According to the structural engineers at UB and other institutions who conducted the testing, had this been a real earthquake, the damage sustained by the house would have rendered it uninhabitable and in need of major repairs.
Final data analysis will take several months, but, the engineers say, damage in the test house was so extensive that in a real-world situation, repairs might total as much as the house's original construction cost.
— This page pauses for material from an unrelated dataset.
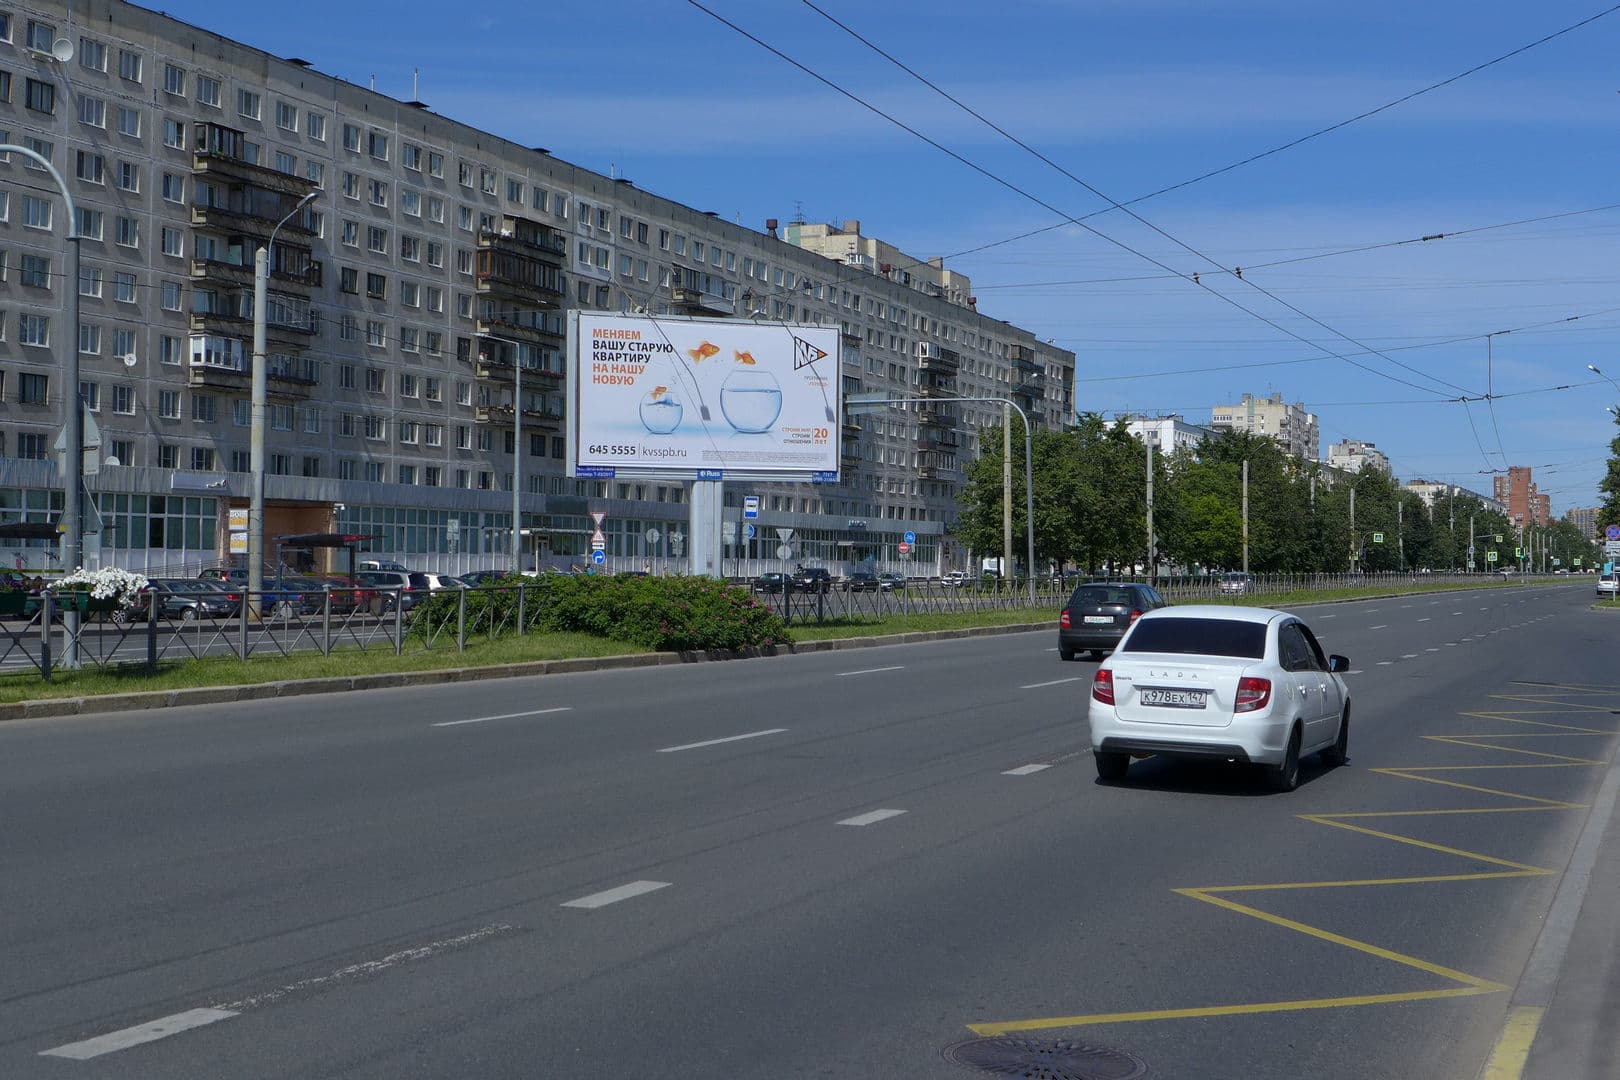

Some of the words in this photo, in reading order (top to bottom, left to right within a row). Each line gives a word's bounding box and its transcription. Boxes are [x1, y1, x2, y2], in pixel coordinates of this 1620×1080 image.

The test, a simulation of the 1994 magnitude 6.7 Northridge earthquake, was part of a four-year, $1.24 million international project called NEESWood, funded by the National Science Foundation's George E. Brown Jr. Network for Earthquake Engineering Simulation (NEES). The 80,000-pound, two-story house was constructed on top of twin, movable shake tables in UB's SEESL, the only laboratory in the U.S. large enough and sophisticated enough to conduct the test.
"In a real earthquake, this house would have been 'yellow tagged,'" stated Andre Filiatrault, Ph.D., UB professor in the Department of Civil, Structural and Environmental Engineering and the lead UB investigator on the NEESWood project. "That means that the owners would have been allowed to go into the house for a brief time to gather some belongings. They would then not be allowed in again until a detailed investigation could be made by structural engineers and repairs had been made."
During the final test, Filiatrault explained, the top of the wall containing the large garage opening underwent a maximum displacement of nearly four inches relative to its base.
"That's about double the expected displacement in a design level earthquake," he said.
The second level of the building experienced a peak acceleration of over 1.5 times gravity, which means that a person standing in one of the second floor bedrooms would have been subjected to a lateral force equivalent to 1.5 times his or her body weight.
"It would have been very difficult to remain standing under such a force," said Filiatrault.